DATA SECTION>
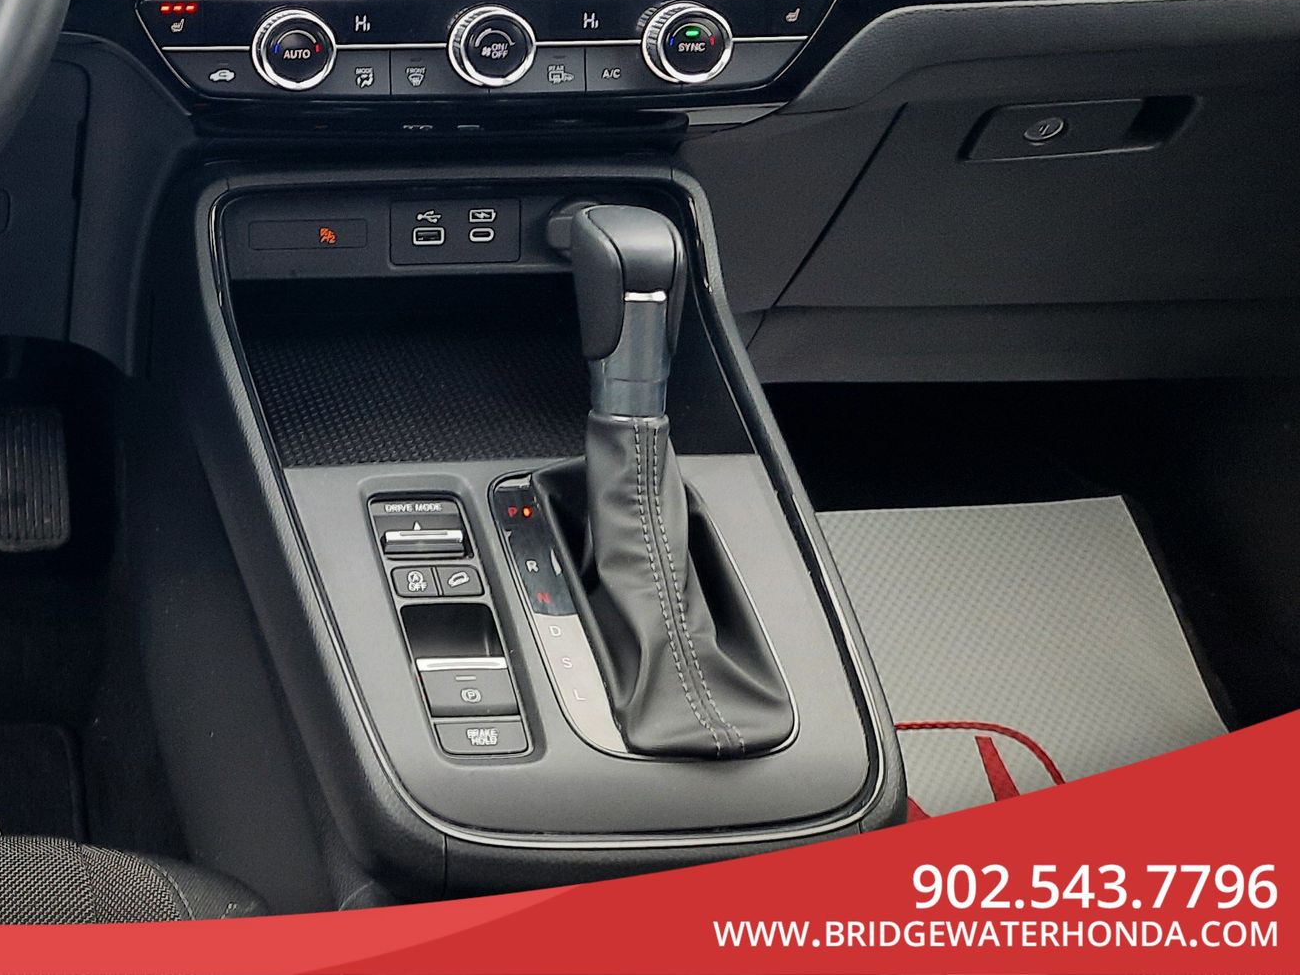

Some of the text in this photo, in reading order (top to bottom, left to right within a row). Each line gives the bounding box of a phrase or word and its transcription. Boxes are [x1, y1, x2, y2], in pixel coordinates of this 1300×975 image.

[678, 42, 706, 53] SYNC
[283, 49, 311, 60] AUTO
[492, 50, 508, 59] OFF
[406, 67, 426, 75] FRONT
[602, 68, 621, 79] A/C
[384, 503, 442, 513] DRIVE MODE
[507, 506, 517, 517] P
[526, 560, 539, 572] R
[408, 581, 427, 591] OFF
[537, 592, 551, 604] N
[550, 625, 562, 637] D
[562, 657, 573, 669] S
[573, 689, 587, 701] L
[467, 728, 498, 739] BRAKE
[470, 735, 498, 745] HOLD

TASK DESCRIPTION>
Nothing but the records above, exact and without pictures, should appear in the answer.

RESPONSE AREA>
Some of the text in this photo, in reading order (top to bottom, left to right within a row). Each line gives the bounding box of a phrase or word and its transcription. Boxes are [x1, y1, x2, y2], in pixel coordinates of this 1300×975 image.

[678, 42, 706, 53] SYNC
[283, 49, 311, 60] AUTO
[492, 50, 508, 59] OFF
[406, 67, 426, 75] FRONT
[602, 68, 621, 79] A/C
[384, 503, 442, 513] DRIVE MODE
[507, 506, 517, 517] P
[526, 560, 539, 572] R
[408, 581, 427, 591] OFF
[537, 592, 551, 604] N
[550, 625, 562, 637] D
[562, 657, 573, 669] S
[573, 689, 587, 701] L
[467, 728, 498, 739] BRAKE
[470, 735, 498, 745] HOLD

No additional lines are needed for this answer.